Voices Developments, Water/Agua

Ending a Year of Celebration and Reflection

This November, VOICES hosted two back-to-back delegations, celebrated the founding anniversaries of Ciudad Segundo Montes in Morazán and community Padre Octavio Ortiz in the Bajo Lempa, and brought to a close several workshop courses with women, youth and veterans throughout the country.

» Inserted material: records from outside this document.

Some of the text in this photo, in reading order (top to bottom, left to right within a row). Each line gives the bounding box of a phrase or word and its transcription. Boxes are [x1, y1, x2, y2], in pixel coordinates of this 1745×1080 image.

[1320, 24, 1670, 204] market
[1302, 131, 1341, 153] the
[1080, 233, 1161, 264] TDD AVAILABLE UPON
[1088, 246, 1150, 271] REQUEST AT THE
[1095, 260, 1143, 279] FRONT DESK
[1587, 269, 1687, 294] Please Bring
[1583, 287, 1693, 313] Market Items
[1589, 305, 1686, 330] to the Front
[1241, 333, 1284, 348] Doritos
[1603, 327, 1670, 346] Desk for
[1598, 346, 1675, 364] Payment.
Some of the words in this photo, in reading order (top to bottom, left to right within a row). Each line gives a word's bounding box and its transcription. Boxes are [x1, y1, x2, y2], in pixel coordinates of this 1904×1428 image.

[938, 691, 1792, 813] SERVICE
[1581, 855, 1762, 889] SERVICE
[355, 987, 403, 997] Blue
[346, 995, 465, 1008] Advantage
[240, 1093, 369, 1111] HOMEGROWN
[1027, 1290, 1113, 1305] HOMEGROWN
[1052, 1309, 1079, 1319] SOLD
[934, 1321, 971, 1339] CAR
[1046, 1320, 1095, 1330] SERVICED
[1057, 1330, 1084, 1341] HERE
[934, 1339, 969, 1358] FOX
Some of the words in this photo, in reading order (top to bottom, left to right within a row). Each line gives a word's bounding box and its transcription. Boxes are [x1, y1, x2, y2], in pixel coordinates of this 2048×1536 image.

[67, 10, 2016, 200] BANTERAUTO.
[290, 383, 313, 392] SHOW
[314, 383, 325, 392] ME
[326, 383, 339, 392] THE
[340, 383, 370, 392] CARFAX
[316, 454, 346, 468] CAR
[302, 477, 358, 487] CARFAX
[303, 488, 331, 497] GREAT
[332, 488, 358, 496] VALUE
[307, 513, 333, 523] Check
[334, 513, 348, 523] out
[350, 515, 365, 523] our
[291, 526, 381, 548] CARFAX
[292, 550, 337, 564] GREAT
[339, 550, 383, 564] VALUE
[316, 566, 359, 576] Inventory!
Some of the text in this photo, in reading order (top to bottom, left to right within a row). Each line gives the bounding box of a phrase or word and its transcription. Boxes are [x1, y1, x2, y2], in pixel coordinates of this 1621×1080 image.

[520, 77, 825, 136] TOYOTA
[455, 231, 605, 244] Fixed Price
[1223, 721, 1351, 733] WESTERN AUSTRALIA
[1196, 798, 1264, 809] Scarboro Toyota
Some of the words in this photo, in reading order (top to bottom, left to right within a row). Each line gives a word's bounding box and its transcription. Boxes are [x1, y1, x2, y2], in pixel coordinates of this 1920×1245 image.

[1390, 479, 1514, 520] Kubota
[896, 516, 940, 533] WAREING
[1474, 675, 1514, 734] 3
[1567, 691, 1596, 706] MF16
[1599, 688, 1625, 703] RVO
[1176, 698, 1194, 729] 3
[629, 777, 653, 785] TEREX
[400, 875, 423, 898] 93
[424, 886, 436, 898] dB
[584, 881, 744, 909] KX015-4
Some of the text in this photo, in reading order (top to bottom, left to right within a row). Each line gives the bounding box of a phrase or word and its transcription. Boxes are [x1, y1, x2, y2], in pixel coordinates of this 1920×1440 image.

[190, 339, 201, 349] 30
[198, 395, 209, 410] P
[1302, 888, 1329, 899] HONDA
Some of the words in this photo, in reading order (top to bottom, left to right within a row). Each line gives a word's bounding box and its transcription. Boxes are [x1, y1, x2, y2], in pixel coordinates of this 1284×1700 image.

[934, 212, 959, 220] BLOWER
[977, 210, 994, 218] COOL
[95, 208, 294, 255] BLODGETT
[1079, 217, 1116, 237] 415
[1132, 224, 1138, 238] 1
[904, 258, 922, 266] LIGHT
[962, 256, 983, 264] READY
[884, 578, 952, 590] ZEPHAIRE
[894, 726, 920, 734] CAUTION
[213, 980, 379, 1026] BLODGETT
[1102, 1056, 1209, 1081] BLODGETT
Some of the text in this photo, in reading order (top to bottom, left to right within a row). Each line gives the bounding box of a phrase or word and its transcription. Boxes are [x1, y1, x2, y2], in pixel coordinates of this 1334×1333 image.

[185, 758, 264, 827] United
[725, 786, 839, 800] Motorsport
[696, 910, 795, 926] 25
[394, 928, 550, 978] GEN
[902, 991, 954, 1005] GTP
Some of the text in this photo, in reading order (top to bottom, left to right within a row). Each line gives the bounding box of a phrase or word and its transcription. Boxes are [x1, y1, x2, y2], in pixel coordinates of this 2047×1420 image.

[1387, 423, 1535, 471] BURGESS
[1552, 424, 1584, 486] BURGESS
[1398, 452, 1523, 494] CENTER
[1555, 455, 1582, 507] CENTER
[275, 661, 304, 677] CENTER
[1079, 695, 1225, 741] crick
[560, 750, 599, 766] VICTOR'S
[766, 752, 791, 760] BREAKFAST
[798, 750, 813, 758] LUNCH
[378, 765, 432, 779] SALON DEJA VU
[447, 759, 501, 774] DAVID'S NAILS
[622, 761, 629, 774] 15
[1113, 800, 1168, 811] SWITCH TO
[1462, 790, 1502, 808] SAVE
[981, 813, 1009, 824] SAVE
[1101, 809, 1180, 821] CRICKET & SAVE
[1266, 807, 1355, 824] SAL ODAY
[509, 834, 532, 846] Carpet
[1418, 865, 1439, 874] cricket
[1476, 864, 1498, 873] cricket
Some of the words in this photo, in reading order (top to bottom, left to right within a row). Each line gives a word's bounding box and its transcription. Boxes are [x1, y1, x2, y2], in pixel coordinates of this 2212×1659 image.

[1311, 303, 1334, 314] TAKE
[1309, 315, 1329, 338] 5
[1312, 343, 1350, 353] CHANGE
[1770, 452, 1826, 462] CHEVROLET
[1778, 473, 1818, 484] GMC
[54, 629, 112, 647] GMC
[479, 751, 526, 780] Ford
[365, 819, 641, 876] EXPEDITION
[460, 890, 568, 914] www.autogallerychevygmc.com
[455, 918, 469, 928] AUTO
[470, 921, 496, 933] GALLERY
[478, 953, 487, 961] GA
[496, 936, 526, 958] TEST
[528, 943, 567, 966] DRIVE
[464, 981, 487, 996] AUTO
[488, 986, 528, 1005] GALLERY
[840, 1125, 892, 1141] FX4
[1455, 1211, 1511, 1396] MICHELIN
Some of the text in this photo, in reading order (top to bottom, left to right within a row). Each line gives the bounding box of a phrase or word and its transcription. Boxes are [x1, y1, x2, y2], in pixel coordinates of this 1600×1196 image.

As this year comes to a close, we want to share with you the work we’ve done, the relationships we continue to build and our hopes for the future. 

Education
Supporting formal education continues to be our priority and at the forefront of our activities and projects. This year we provided safe school transport for an elementary school and it’s surrounding communities, alimentation and supplies for an early childhood education center, paid teacher’s salaries, sustained a special needs classroom and supported the advocacy work of educators, students and their families.


Environment
VOICES continues to play an active role in social-environment movements that affect our parter communities. As a member of the Movement of Victims Affected by Climate Change and Corporations (MOVIAC) we advocate for environmentally conscious legislation and civic participation. In March, El Salvador historically voted to ban mental mining; making it the first Latin American country to do so. Voices has also published many writings on subjects like that of the human Right to Water in El Salvador.


Morazán Women
Despite having it’s home taken away from them in Osicala earlier this year, the Citizen Network of Morazán Women continues to tirelessly fight for the rights, wellbeing and safety of rural women in northern Morazán. This year, VOICES was asked a second time to facilitate a series of workshops which also included a special trip to the MUPI in San Salvador. On International Women’s day, we marched with them  through the streets of Guatajiagua.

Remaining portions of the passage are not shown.